Par la suite, différents algorithmes peuvent être utilisés pour choisir le ou les individus qui ont des scores de propension proches des exploitations « traitées ». Il faut toutefois noter que le choix de l’algorithme implique un compromis biais/efficacité (Caliendo et Kopeining, 2005; Heinrich et al. 2010). À titre d’exemples :
la méthode des plus proches voisins (k nearest neighbor matching ou NN) est généralement reconnue comme la plus simple dans l’application. Toutefois, la principale limite vient du fait qu’elle peut effectuer l’appariement entre deux individus avec une distance assez importante en termes de score de propension.
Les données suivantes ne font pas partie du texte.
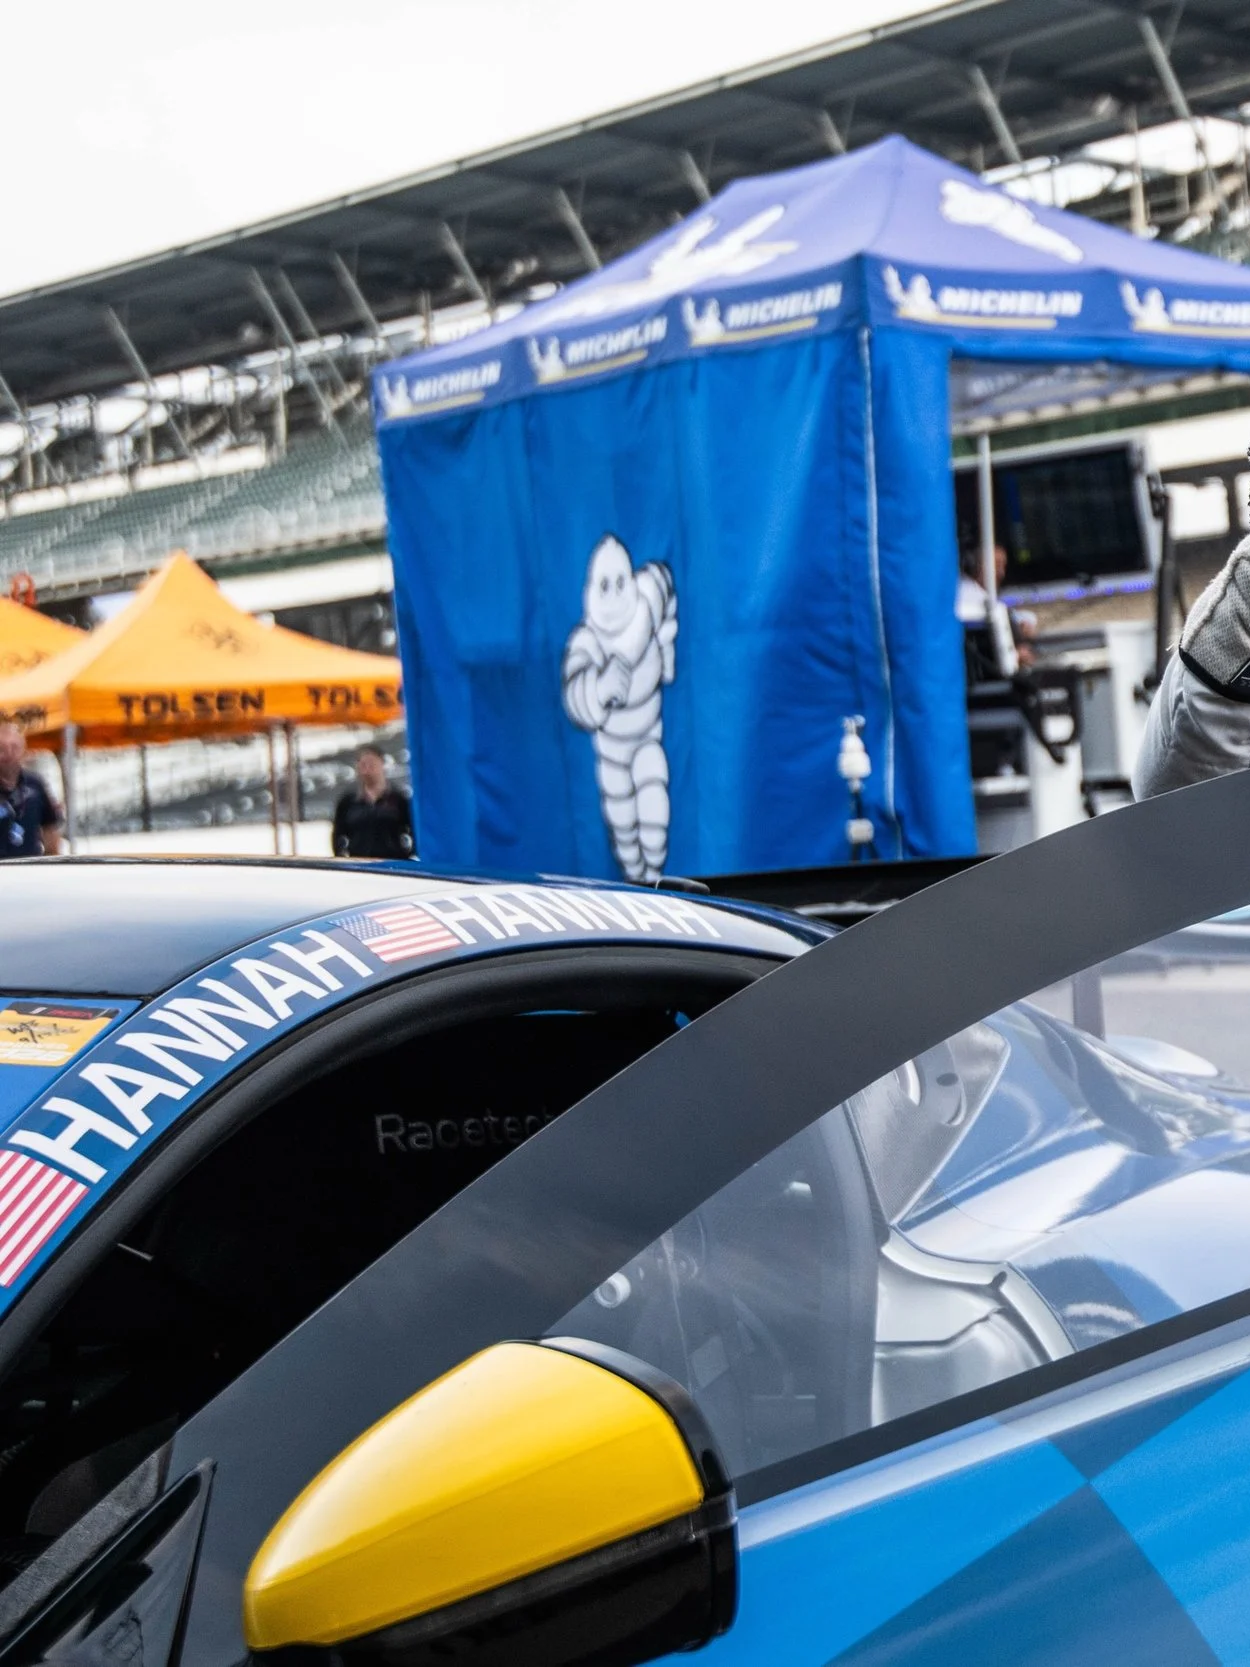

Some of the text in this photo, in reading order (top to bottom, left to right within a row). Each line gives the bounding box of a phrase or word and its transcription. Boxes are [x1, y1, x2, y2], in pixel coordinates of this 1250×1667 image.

[726, 283, 841, 328] MICHELIN
[938, 286, 1083, 317] MICHELIN
[567, 316, 667, 365] MICHELIN
[413, 362, 500, 400] MICHELIN
[118, 690, 264, 718] TOLSEN
[307, 685, 402, 708] TOLS
[416, 890, 722, 944] HANNAH
[9, 930, 371, 1183] HANNAH
Par conséquent l’hypothèse de support commun pourrait être violée, ce qui conduirait à un mauvais appariement. Pour remédier à cette limite, on peut imposer une distance maximale entre les scores de propension, effectuer un tirage avec remise ou retenir plusieurs voisins. Deux variantes sont généralement utilisées pour cette méthode. La première avec remplacement permet à un membre du groupe de comparaison d’être apparié plus d’une fois alors que la seconde variante sans remplacement n’autorise qu’un seul appariement.
l’appariement avec fonction noyau (kernel matching) proposé par Heckman et al. (1998) utilise les moyennes pondérées de toutes les exploitations dans le groupe de contrôle pour construire le résultat contrefactuel. Les poids attribués dépendent de la distance entre chaque exploitation du groupe de contrôle et l’observation de l’exploitation du groupe de traités pour laquelle le contrefactuel est estimé. L’avantage majeur dans ce cas est la variance plus faible due au plus grand nombre d’informations utilisées. L’inconvénient est que certaines observations utilisées peuvent être faiblement appariées. L’imposition de la condition du support commun est d’une importance majeure pour cette approche.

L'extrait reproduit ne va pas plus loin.